Si anak yang mendengar suara ayahnya berlari keluar dari kamarnya. Dengan penuh manja diapun berkata. "Dita yang membuat gambar itu ayah.... Cantik kan ??"... katanya sambil memeluk ayahnya bermanja seperti biasa..
Mendengar hal itu, si ayah kehilangan kesabarannya.. Beliau mengambil sebatang ranting kecil dari pohon didepan rumah. Terus dipukulkannya berkali-kali ketelapak tangan anaknya.. Si anak yang tak mengerti menangis kesakitan, tapi si ayah bukannya berhenti, dia terus memukuli telapak tangan anak tersebut.. Puas memukul telapak tangan, beliau memukul pula punggung telapak anaknya.. Si ibu yang melihat, cuma terdiam.. seolah merestui hukuman suaminya terhadap anaknya.. Si ayah cukup lama memukul-mukul kedua tangan anak tersebut dan tidak menghiraukan jeritan kesakitan anaknya..

Setelah puas memukuli anaknya, mereka berdua masuk kedalam rumah, sedangkan anak tersebut dibiarkannya digendong pembantu yang membawanya kekamar.. Si pembantu terperanjat melihat kondisi telapak dan punggung tangan si anak yang luka-luka dan berdarah.. Pembantu itupun membersihkan luka si anak sambil menangis.. Malam itu, pasangan tersebut sengaja membiarkan anaknya tidur dengan pembantunya..

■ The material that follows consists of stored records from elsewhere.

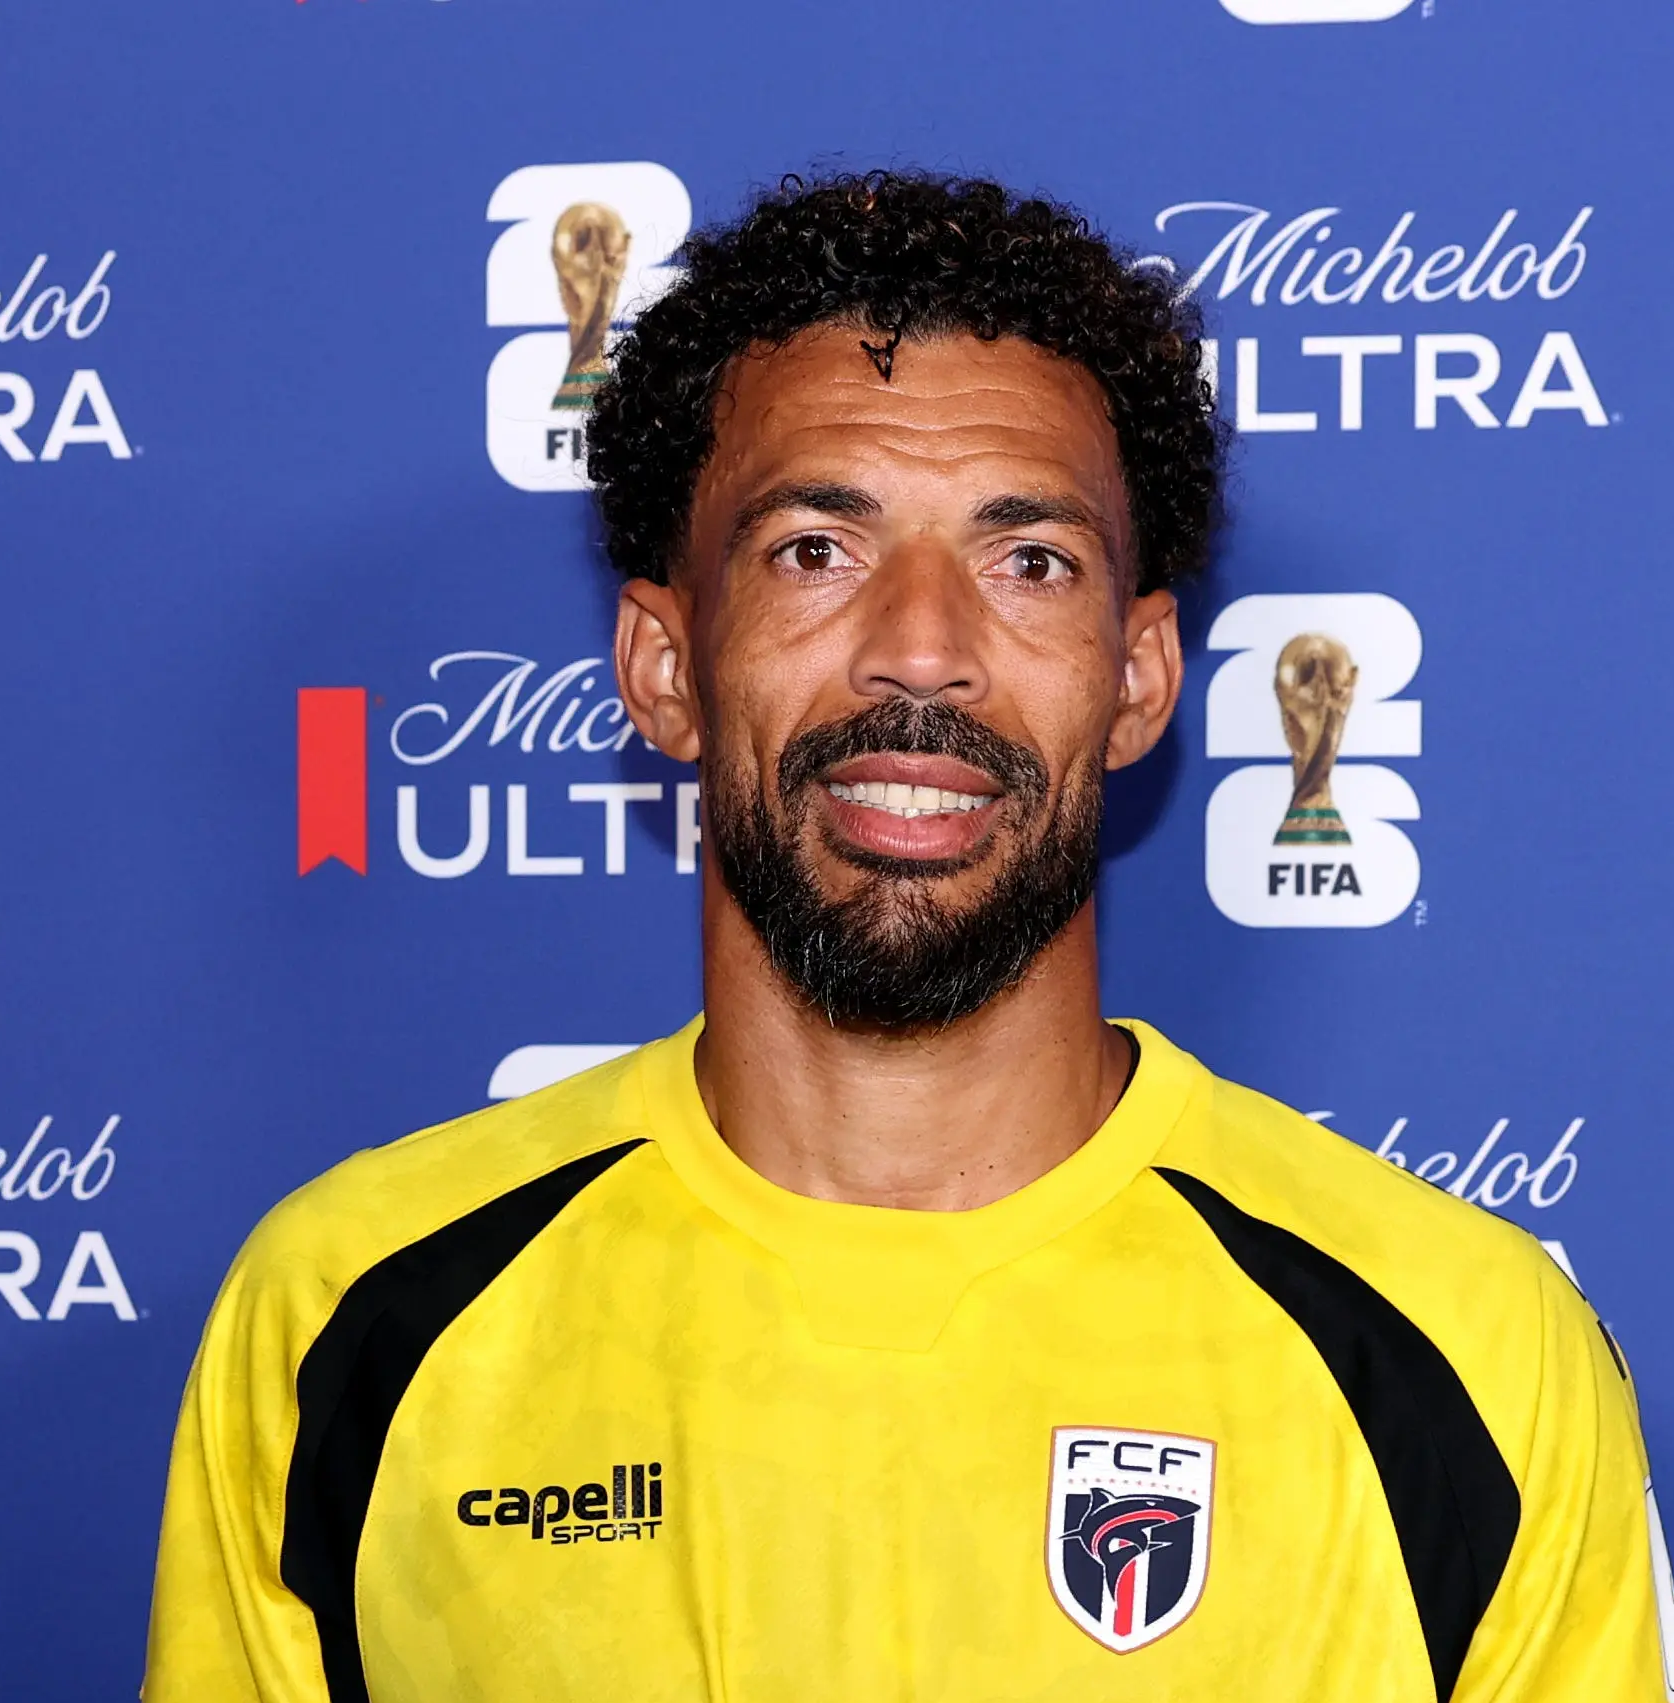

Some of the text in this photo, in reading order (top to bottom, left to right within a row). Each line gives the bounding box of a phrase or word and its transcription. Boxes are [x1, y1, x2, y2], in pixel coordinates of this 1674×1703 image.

[1128, 201, 1594, 306] Michelob
[1197, 331, 1610, 433] LTRA
[397, 783, 701, 878] ULT
[1269, 864, 1361, 896] FIFA
[1067, 1439, 1201, 1477] FCF
[457, 1461, 663, 1541] capelli
[550, 1520, 663, 1546] SPORT

Keesokan harinya, melihat kedua belah tangan anak majikannya bengkak, diapun mengadu ketuannya.. tapi apa jawaban tuannya ? Beliau cuma menyuruh mengoleskan obat luka kepada pembantunya untuk mengobati tangan anaknya yang bengkak. Berhari-hari, sepulang bekerja, pasangan suami istri tersebut tidak memperhatikan kondisi anaknya yang dirawat di kamar pembantu. Si ayah sengaja ingin memberi pelajaran sebagai hukuman pada putri kecilnya.. Sampai pada hari ketiga, si pembantu melapor pada nyonyanya.. "nyah, Dita demam..." "kasih minum obat ajah, mbok".. jawab si ibu..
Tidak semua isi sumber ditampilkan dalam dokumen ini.